Imagine a business meeting that’s been called to discuss a two-point agenda. The first item on the agenda seeks approval to sign a contract to build a $10 million reactor. The second item is a proposal to build a bicycle shed for workmen that will cost $350. Once the meeting starts, here’s what happens. The $10 million dollar reactor contract gets approved in five minutes. Primarily because $10 million is a very large sum that people can’t quite comprehend. And also because this reactor thing is in any case too technical. 

Everyone assumes this is such a big decision, the folks concerned would have done their homework. One man  –   who understands all about reactors – tries making a point but discovers it is pointless because no one else understands what he is saying. And the $10 million reactor deal gets approved. In a jiffy.

Up next is the proposal for building the $350 bicycle shed. Now everyone in the room is familiar with bicycles and bicycle sheds. The HR guy talks passionately about the company’s tradition of  taking care of employees. The Finance guy says he cycles to work every day, leaves the bicycle out in the sun and there’s never been a problem. Says he can’t understand why we need a bike shed at all. Someone suggests that we should re-look at the roofing material. Aluminum is expensive, we should use asbestos instead. That could save $50. The debate moves to the colour of the roof. Grey or Green? This goes on for over an hour and finally, the bike shed is approved. With an asbestos roof. Grey in colour. And everyone goes home happy that the fruitful deliberations helped save $50.
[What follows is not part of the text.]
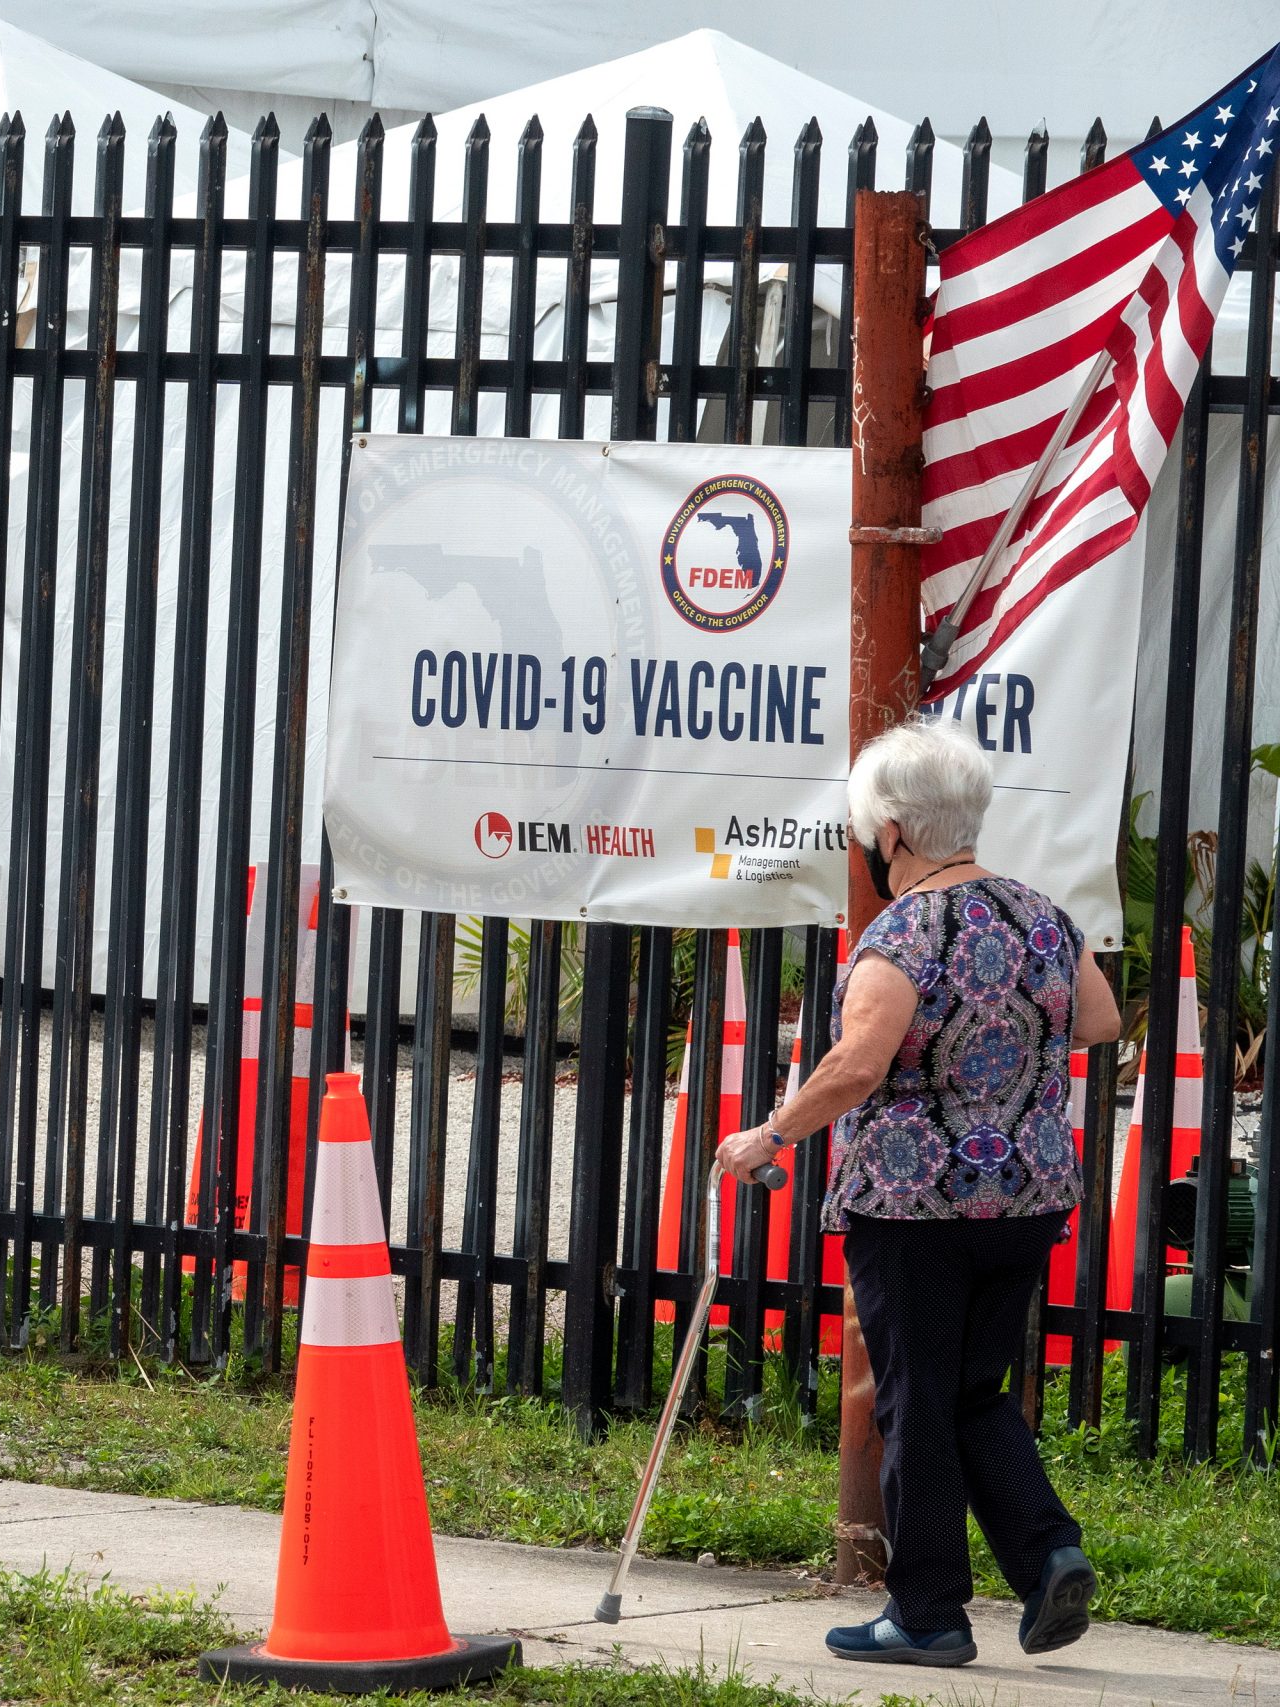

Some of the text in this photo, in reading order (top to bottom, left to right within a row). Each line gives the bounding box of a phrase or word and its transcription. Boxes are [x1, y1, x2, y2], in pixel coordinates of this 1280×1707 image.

Sounds familiar? See this happening in your meetings? It happens everywhere. Big issues are summarily dealt with because we don’t want to take the trouble to understand them. And everyone chips in on the trivial issues. This then is Parkinson’s Law of  Triviality. Or, as it’s popularly called, the Bicycle Shed Effect. It refers to the tendency of  leaders in organisations to spend disproportionate time discussing trivial issues. We waste time discussing things we are comfortable with, rather than focusing on what really matters. 

The bicycle shed effect also refers to our irresistible urge to spend time debating silly little details – rather than the issue itself. The focus shifts from whether we should have the bicycle shed or not – to what the roof should be made of. And what colour it should be. The bicycle-shed effect also tells you that in meetings people often speak up not because they have a point to make, but because they want to show their familiarity with the subject. It’s almost like people feel the need to speak up – or risk being seen as having not contributed at all. 

Next time you find your team wasting time discussing trivial things, press the pause button. Bring them back to the big issue. And tell them all about the Bicycle Shed Effect.  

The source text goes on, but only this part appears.